_Exercise_. Return each record word for word, keeping none of its pictures.

_Recorded data_.
——
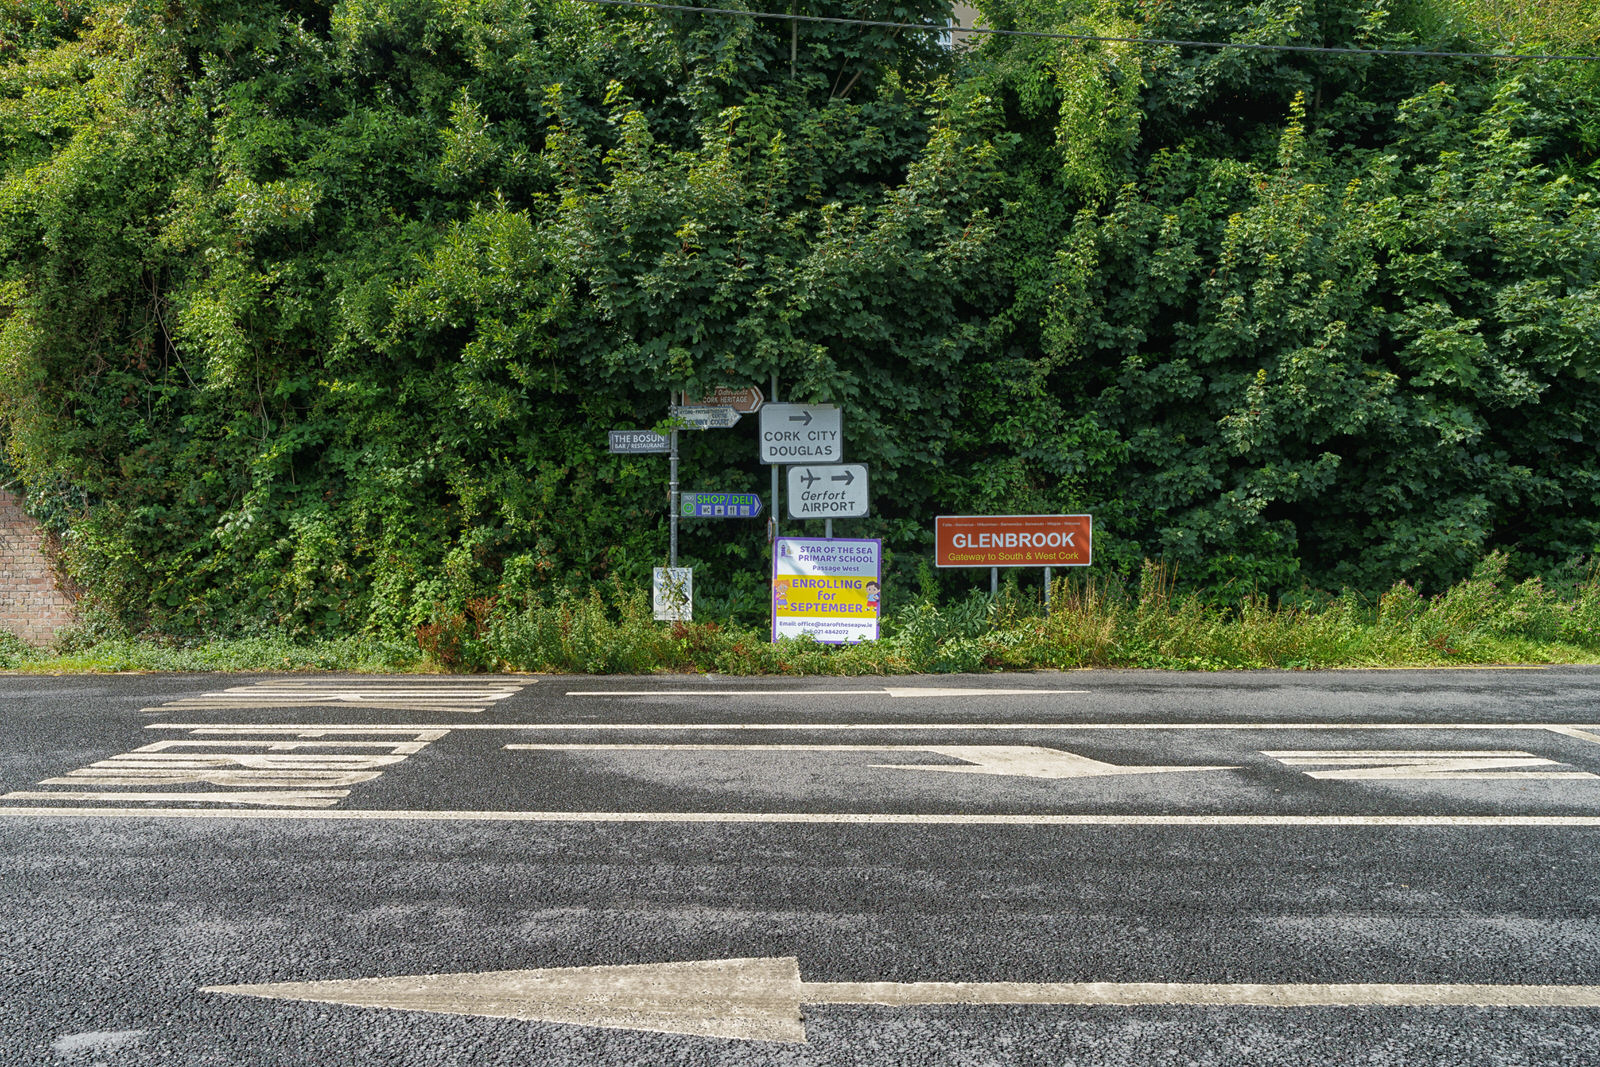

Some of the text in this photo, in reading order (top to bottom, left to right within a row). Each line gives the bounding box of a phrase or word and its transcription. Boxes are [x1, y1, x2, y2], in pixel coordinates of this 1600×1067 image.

[703, 396, 748, 404] CORK HERITAGE
[614, 434, 665, 443] THE BOSUN
[764, 430, 838, 442] CORK CITY
[769, 445, 833, 457] DOUGLAS
[732, 495, 753, 505] DELI
[801, 501, 856, 512] AIRPORT
[952, 532, 1076, 549] GLENBROOK
[800, 545, 873, 555] STAR OF THE SEA
[798, 555, 874, 563] PRIMARY SCHOOL
[948, 551, 1079, 562] Gateway to South & West Cork
[792, 579, 862, 590] ENROLLING
[817, 590, 837, 600] for
[790, 602, 863, 613] SEPTEMBER
[0, 729, 451, 808] FERRY
——
_Task result_.
Some of the text in this photo, in reading order (top to bottom, left to right within a row). Each line gives the bounding box of a phrase or word and its transcription. Boxes are [x1, y1, x2, y2], in pixel coordinates of this 1600×1067 image.

[703, 396, 748, 404] CORK HERITAGE
[614, 434, 665, 443] THE BOSUN
[764, 430, 838, 442] CORK CITY
[769, 445, 833, 457] DOUGLAS
[732, 495, 753, 505] DELI
[801, 501, 856, 512] AIRPORT
[952, 532, 1076, 549] GLENBROOK
[800, 545, 873, 555] STAR OF THE SEA
[798, 555, 874, 563] PRIMARY SCHOOL
[948, 551, 1079, 562] Gateway to South & West Cork
[792, 579, 862, 590] ENROLLING
[817, 590, 837, 600] for
[790, 602, 863, 613] SEPTEMBER
[0, 729, 451, 808] FERRY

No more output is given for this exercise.